> [YOUR TASK]
Write out the data below in full, unchanged, minus the images.

*** Block opens ***

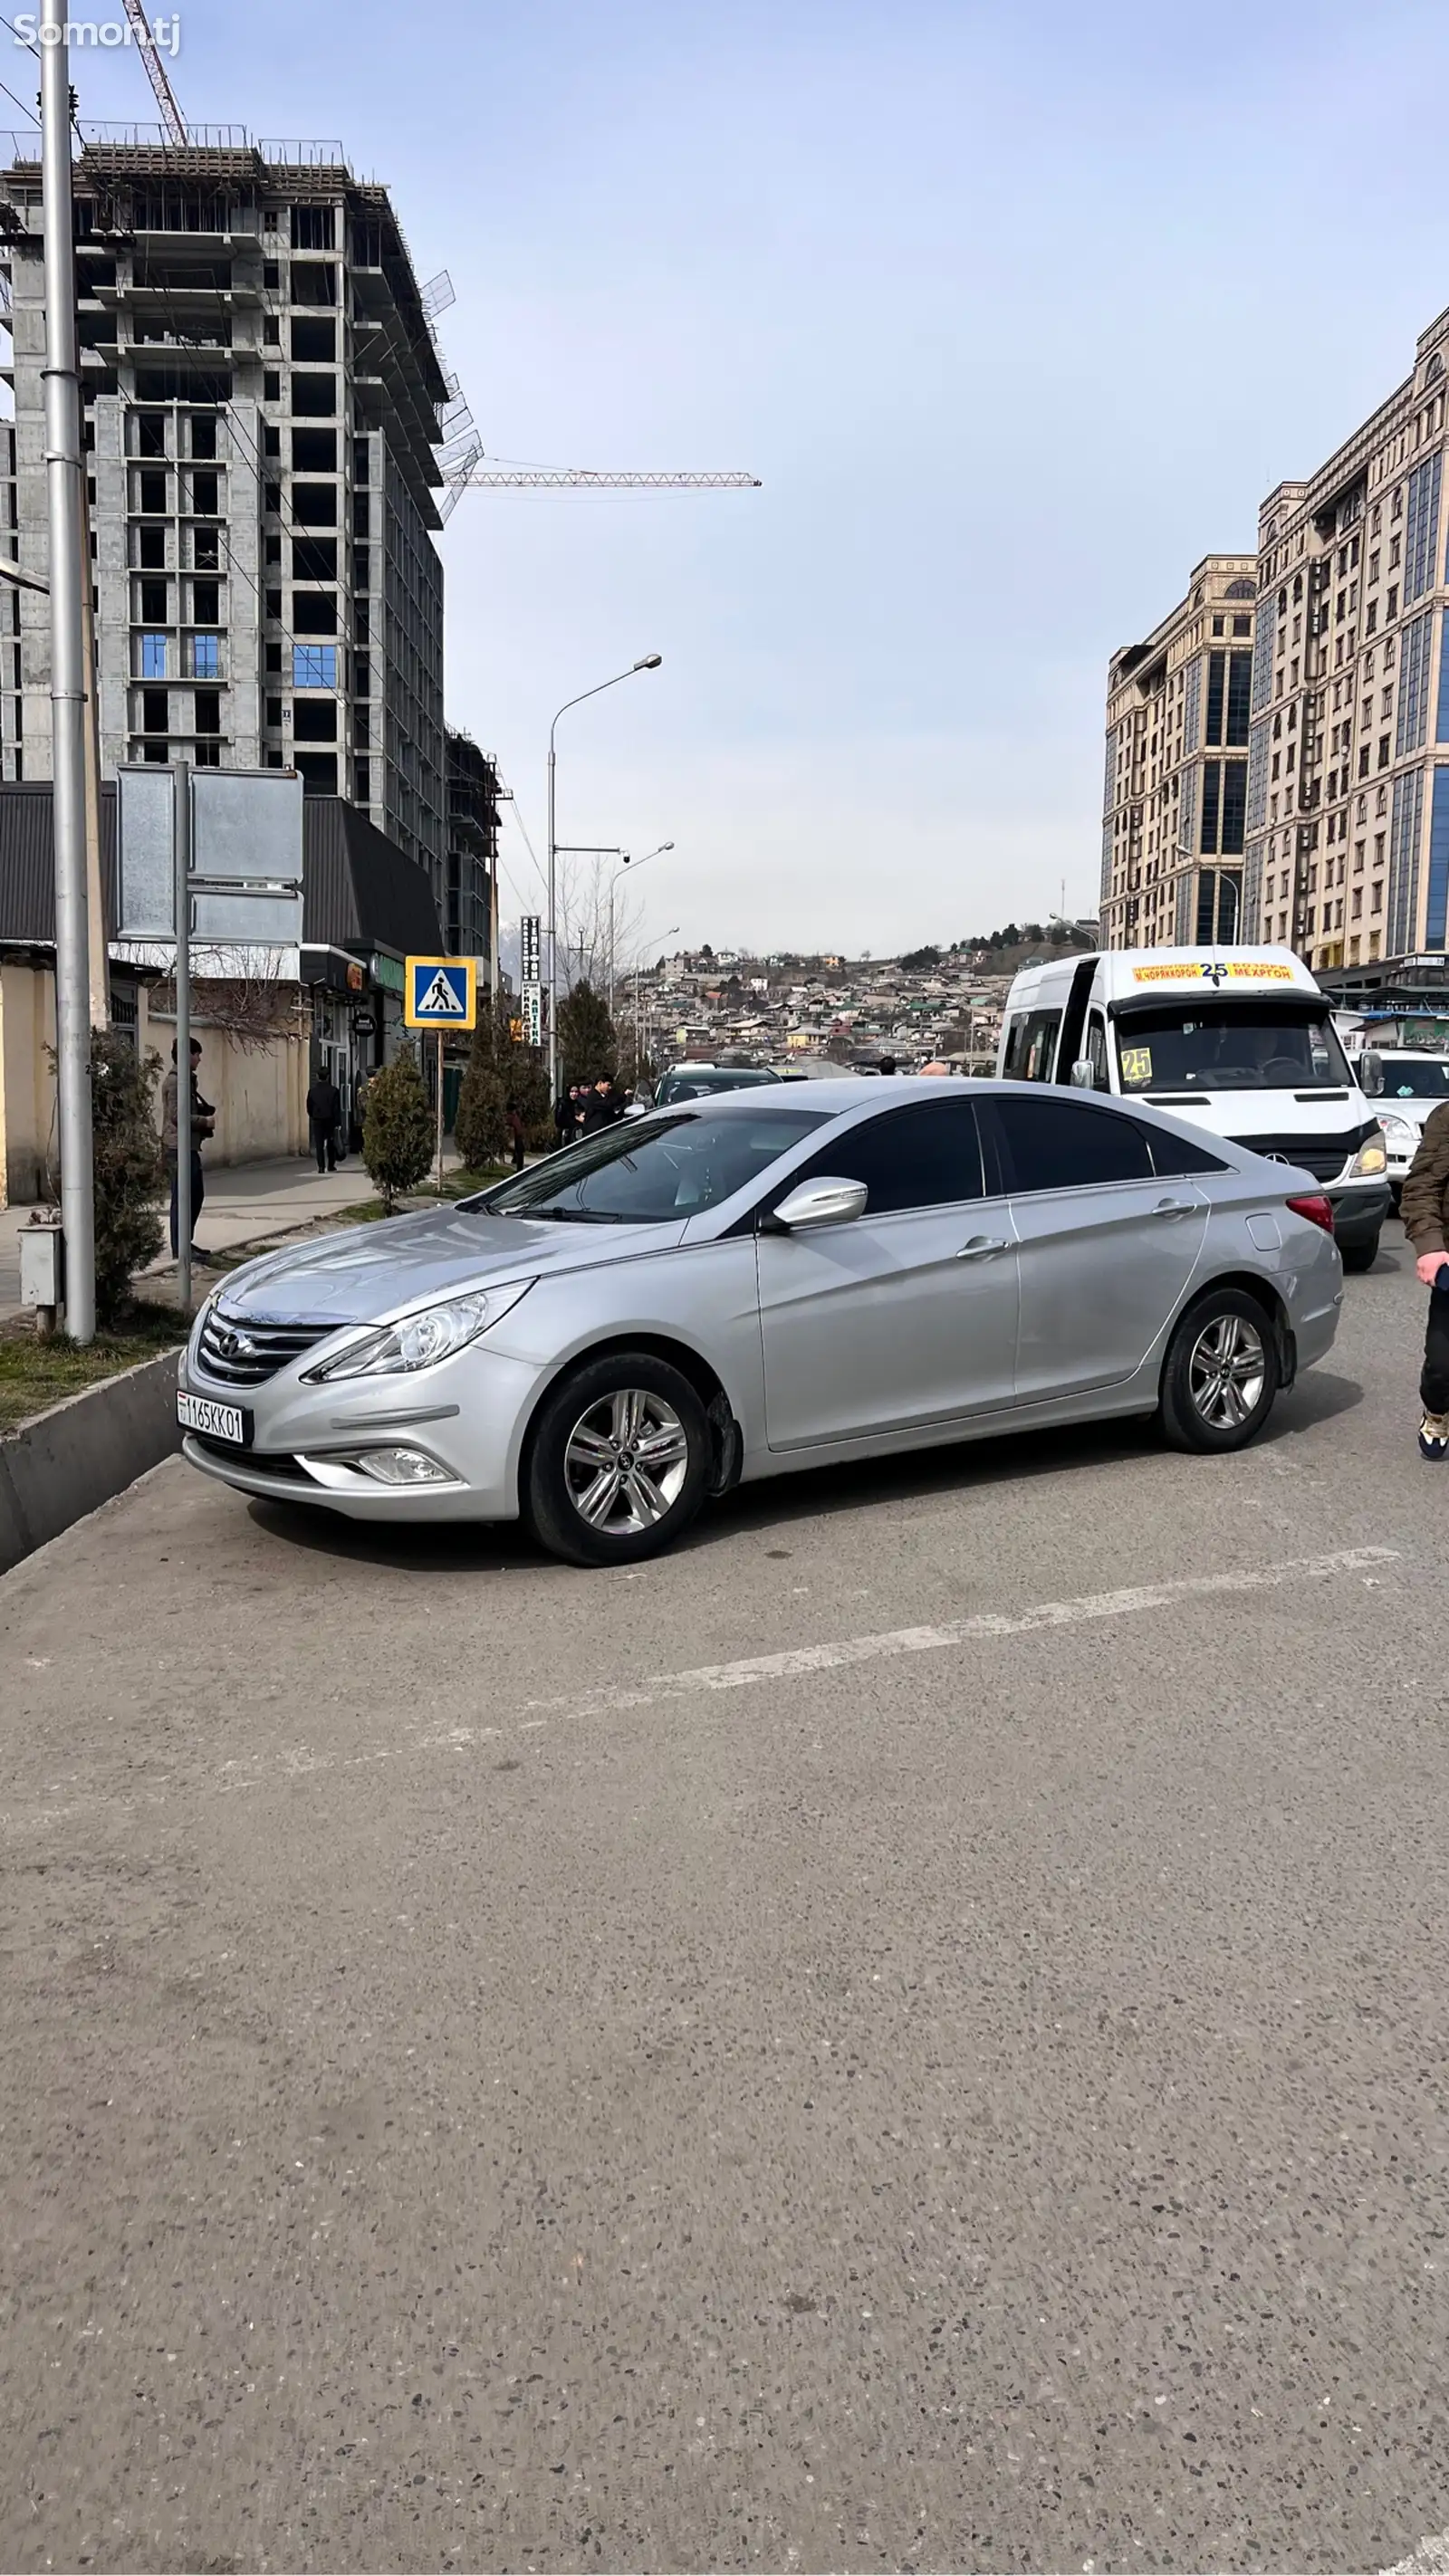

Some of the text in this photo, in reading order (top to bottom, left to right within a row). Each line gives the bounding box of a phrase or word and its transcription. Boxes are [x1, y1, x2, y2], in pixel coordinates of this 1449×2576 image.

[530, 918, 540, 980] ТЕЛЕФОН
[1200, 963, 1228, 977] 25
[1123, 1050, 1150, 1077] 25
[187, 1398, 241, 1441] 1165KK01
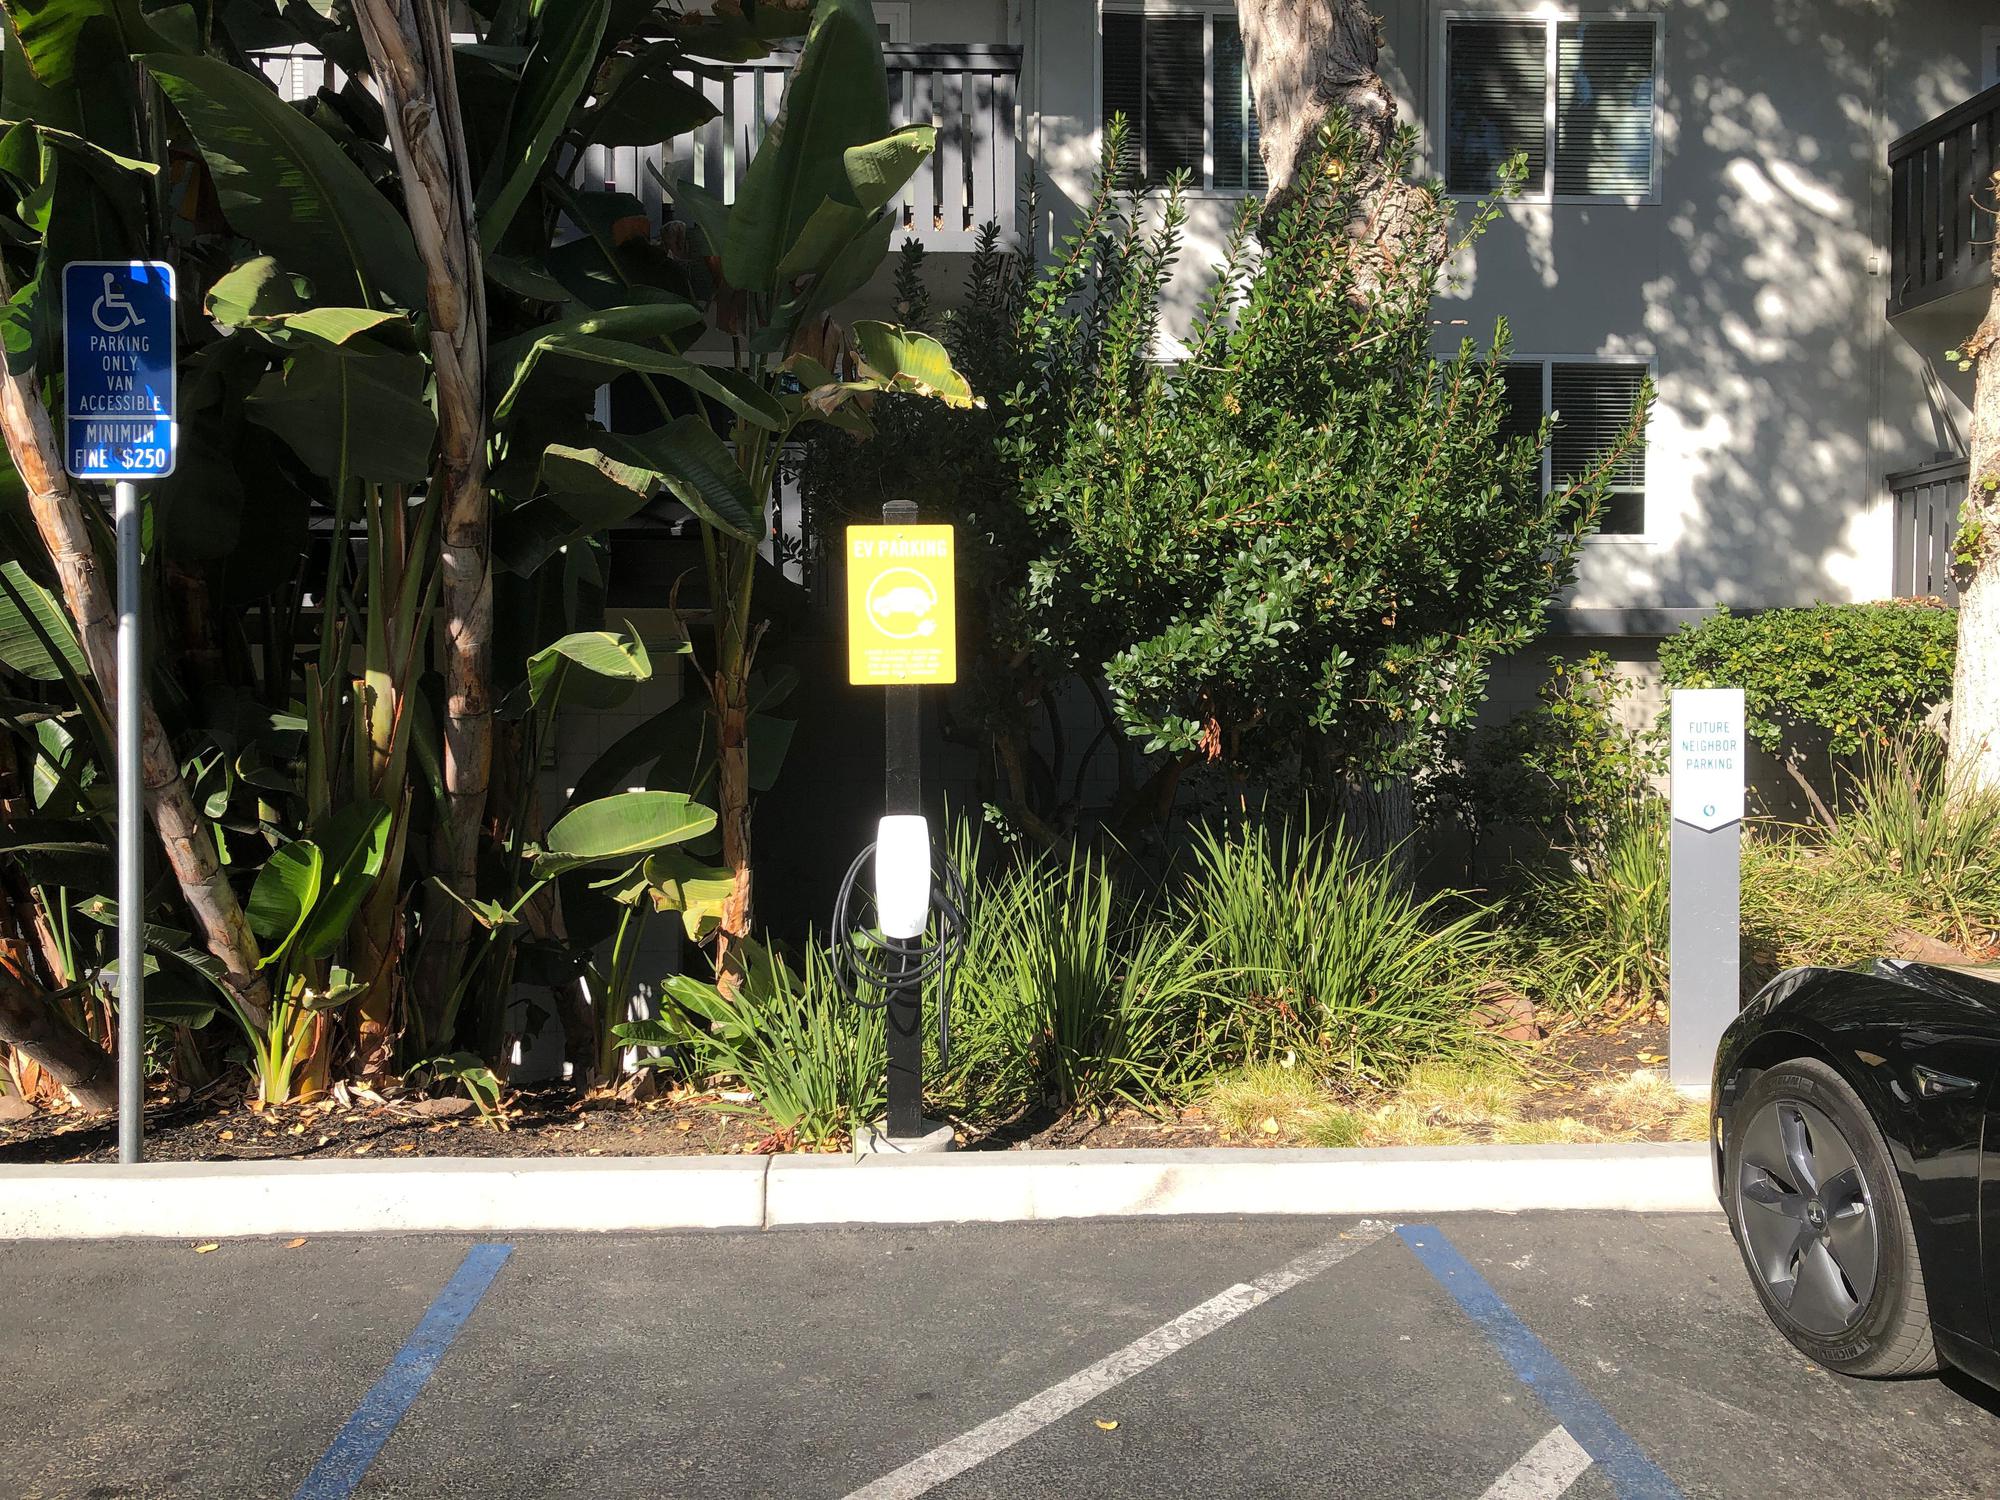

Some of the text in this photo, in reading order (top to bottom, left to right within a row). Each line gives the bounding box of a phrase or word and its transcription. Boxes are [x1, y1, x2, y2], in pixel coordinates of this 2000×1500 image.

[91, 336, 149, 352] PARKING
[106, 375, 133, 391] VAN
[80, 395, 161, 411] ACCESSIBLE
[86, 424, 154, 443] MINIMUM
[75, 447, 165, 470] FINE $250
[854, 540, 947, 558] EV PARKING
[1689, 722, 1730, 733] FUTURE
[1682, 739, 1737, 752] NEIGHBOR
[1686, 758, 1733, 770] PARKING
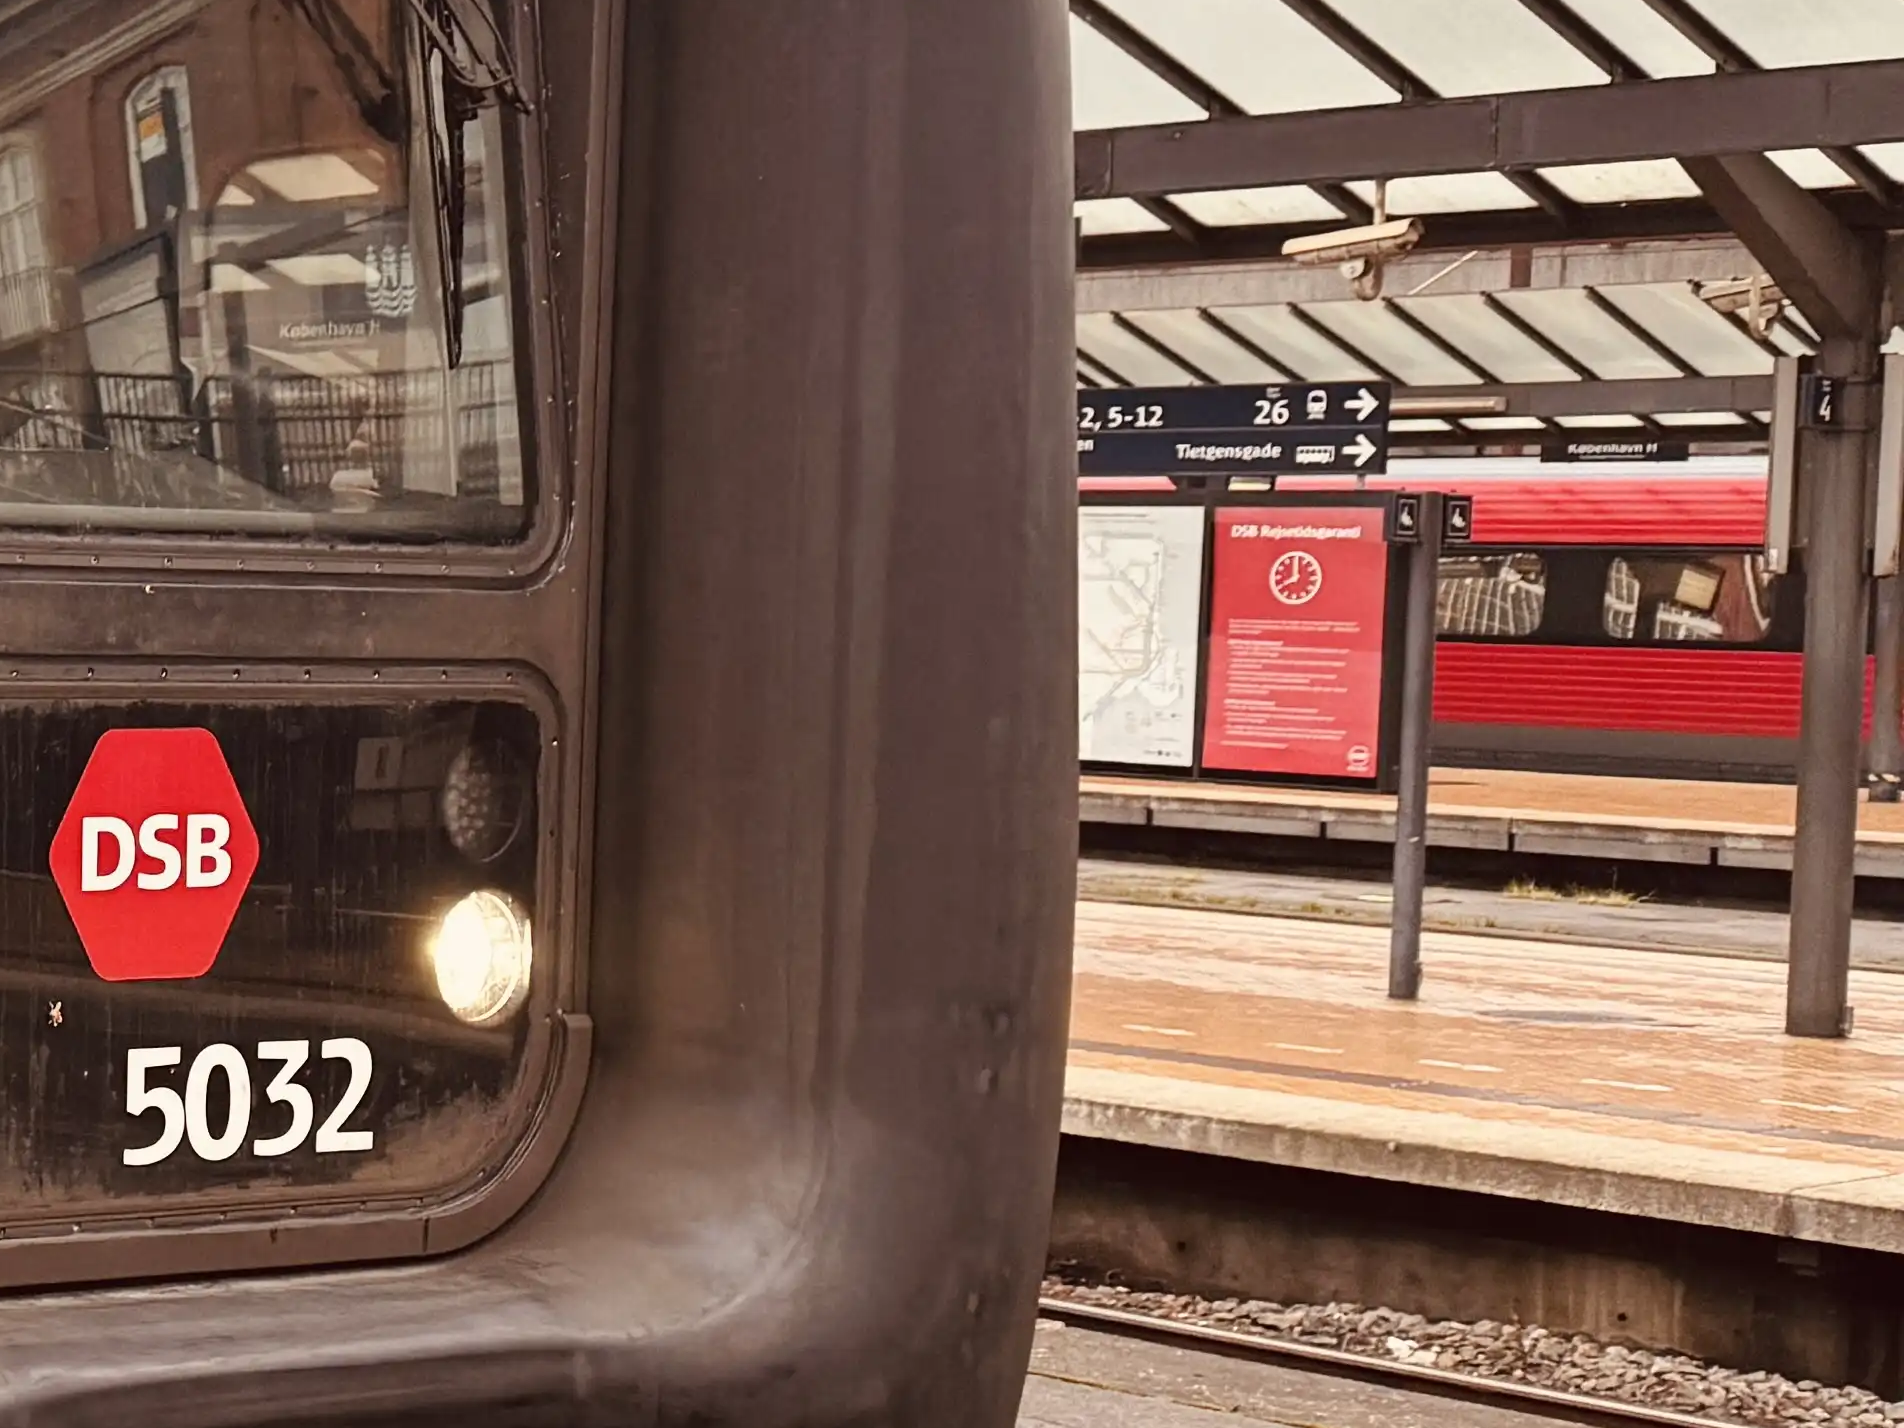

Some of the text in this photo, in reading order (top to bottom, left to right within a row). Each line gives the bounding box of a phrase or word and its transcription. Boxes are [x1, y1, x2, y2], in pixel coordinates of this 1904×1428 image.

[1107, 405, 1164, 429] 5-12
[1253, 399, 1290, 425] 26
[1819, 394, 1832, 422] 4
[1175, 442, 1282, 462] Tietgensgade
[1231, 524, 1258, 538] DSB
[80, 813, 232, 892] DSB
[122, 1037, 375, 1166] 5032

*** Block closes ***

> [COMPLETED EXERCISE]
Some of the text in this photo, in reading order (top to bottom, left to right within a row). Each line gives the bounding box of a phrase or word and its transcription. Boxes are [x1, y1, x2, y2], in pixel coordinates of this 1449×2576 image.

[530, 918, 540, 980] ТЕЛЕФОН
[1200, 963, 1228, 977] 25
[1123, 1050, 1150, 1077] 25
[187, 1398, 241, 1441] 1165KK01

Some of the text in this photo, in reading order (top to bottom, left to right within a row). Each line gives the bounding box of a phrase or word and its transcription. Boxes are [x1, y1, x2, y2], in pixel coordinates of this 2000×1500 image.

[91, 336, 149, 352] PARKING
[106, 375, 133, 391] VAN
[80, 395, 161, 411] ACCESSIBLE
[86, 424, 154, 443] MINIMUM
[75, 447, 165, 470] FINE $250
[854, 540, 947, 558] EV PARKING
[1689, 722, 1730, 733] FUTURE
[1682, 739, 1737, 752] NEIGHBOR
[1686, 758, 1733, 770] PARKING

Some of the text in this photo, in reading order (top to bottom, left to right within a row). Each line gives the bounding box of a phrase or word and its transcription. Boxes are [x1, y1, x2, y2], in pixel coordinates of this 1904×1428 image.

[1107, 405, 1164, 429] 5-12
[1253, 399, 1290, 425] 26
[1819, 394, 1832, 422] 4
[1175, 442, 1282, 462] Tietgensgade
[1231, 524, 1258, 538] DSB
[80, 813, 232, 892] DSB
[122, 1037, 375, 1166] 5032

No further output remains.